=== Begin Enclosure ===

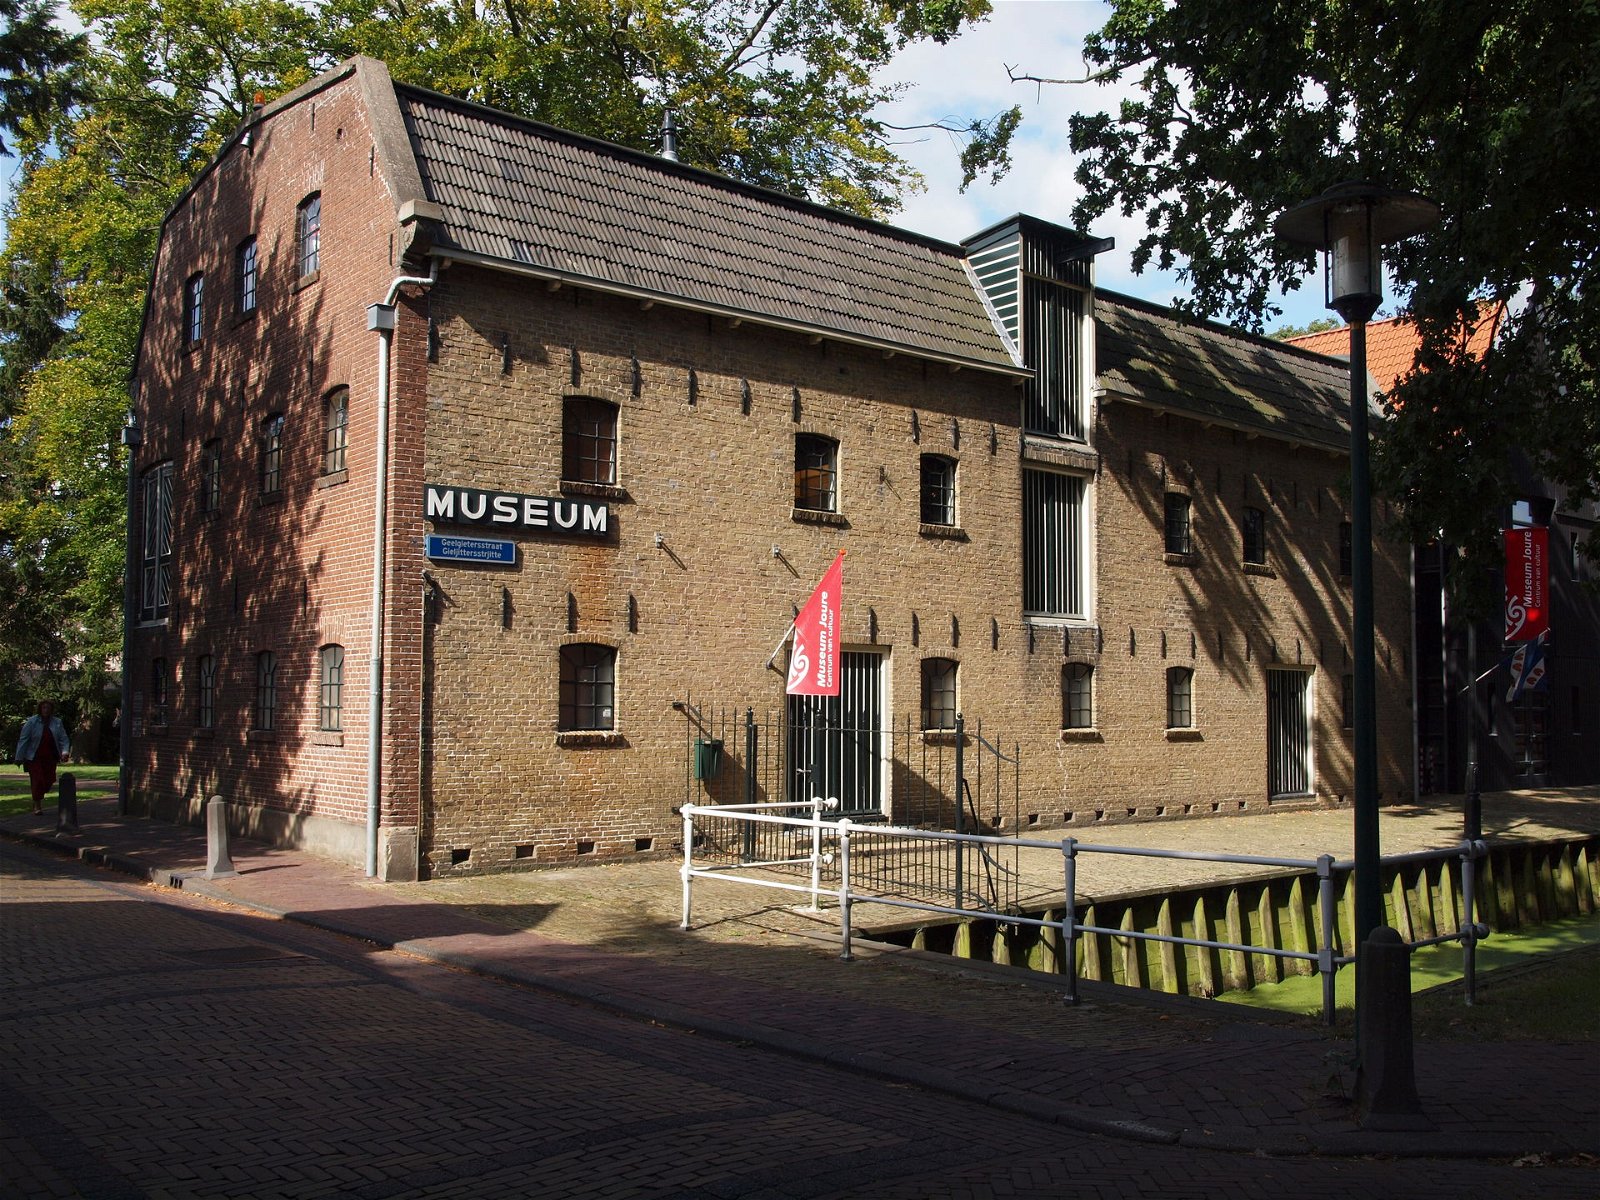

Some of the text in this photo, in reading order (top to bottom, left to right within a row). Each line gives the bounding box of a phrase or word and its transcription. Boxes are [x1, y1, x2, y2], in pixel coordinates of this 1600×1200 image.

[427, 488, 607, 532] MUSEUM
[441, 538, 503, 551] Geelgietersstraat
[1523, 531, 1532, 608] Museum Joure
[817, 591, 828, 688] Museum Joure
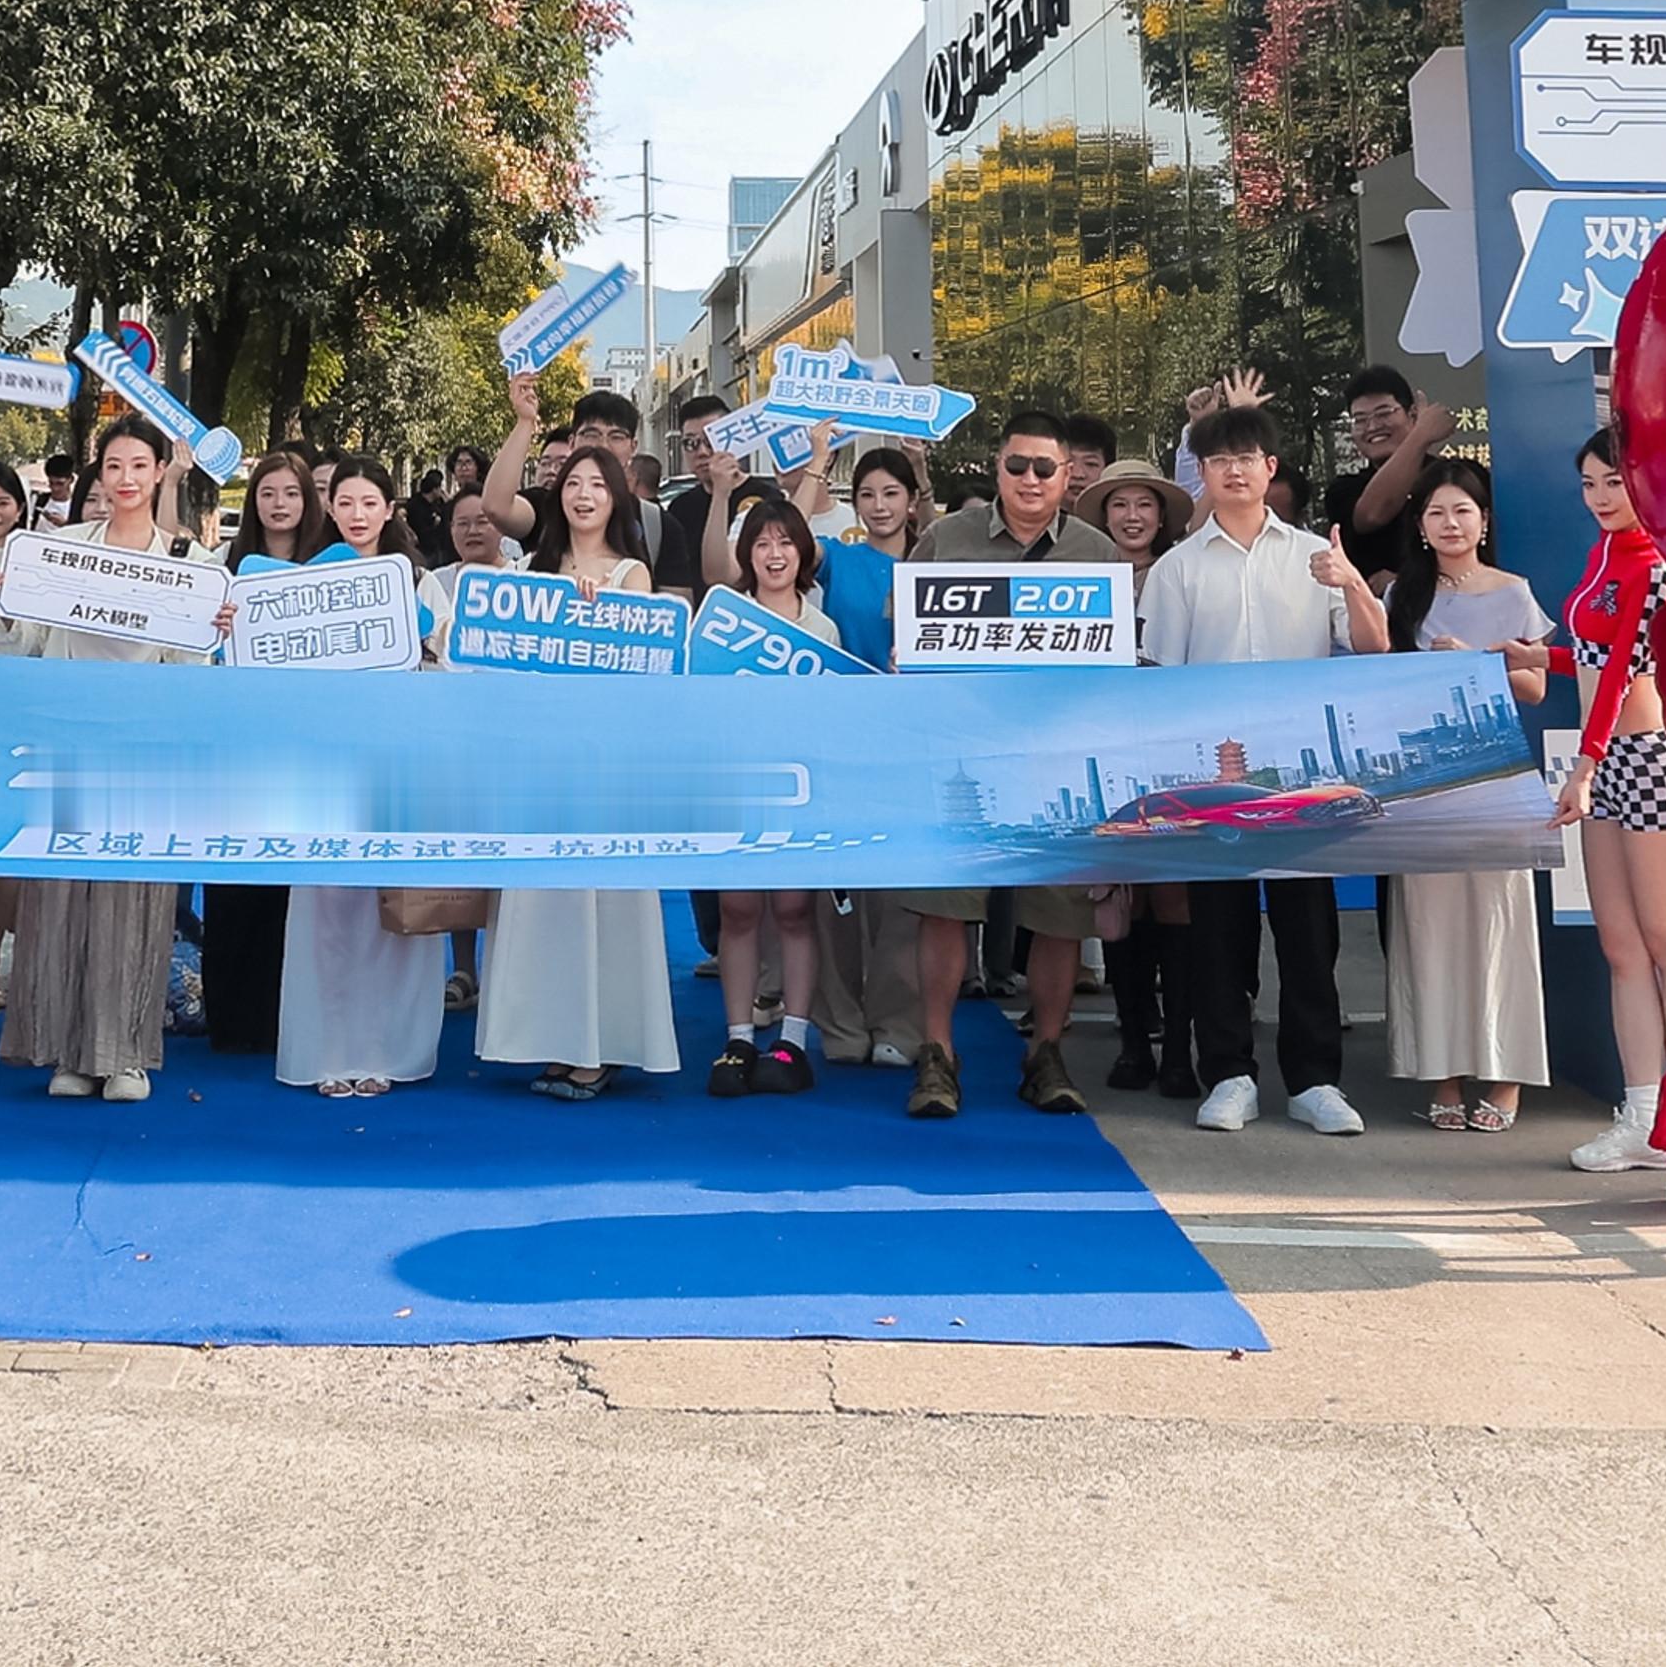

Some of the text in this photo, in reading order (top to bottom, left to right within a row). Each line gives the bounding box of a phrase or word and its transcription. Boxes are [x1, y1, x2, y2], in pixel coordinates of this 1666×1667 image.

=== End Enclosure ===

Take the listing above and retype it exactly. Its pictures are to be omitted.

SOLVED EXERCISE:
Some of the text in this photo, in reading order (top to bottom, left to right within a row). Each line gives the bounding box of a phrase or word and its transcription. Boxes are [x1, y1, x2, y2], in pixel coordinates of this 1600×1200 image.

[427, 488, 607, 532] MUSEUM
[441, 538, 503, 551] Geelgietersstraat
[1523, 531, 1532, 608] Museum Joure
[817, 591, 828, 688] Museum Joure

Some of the text in this photo, in reading order (top to bottom, left to right within a row). Each line gives the bounding box of a phrase or word and its transcription. Boxes are [x1, y1, x2, y2], in pixel coordinates of this 1666×1667 image.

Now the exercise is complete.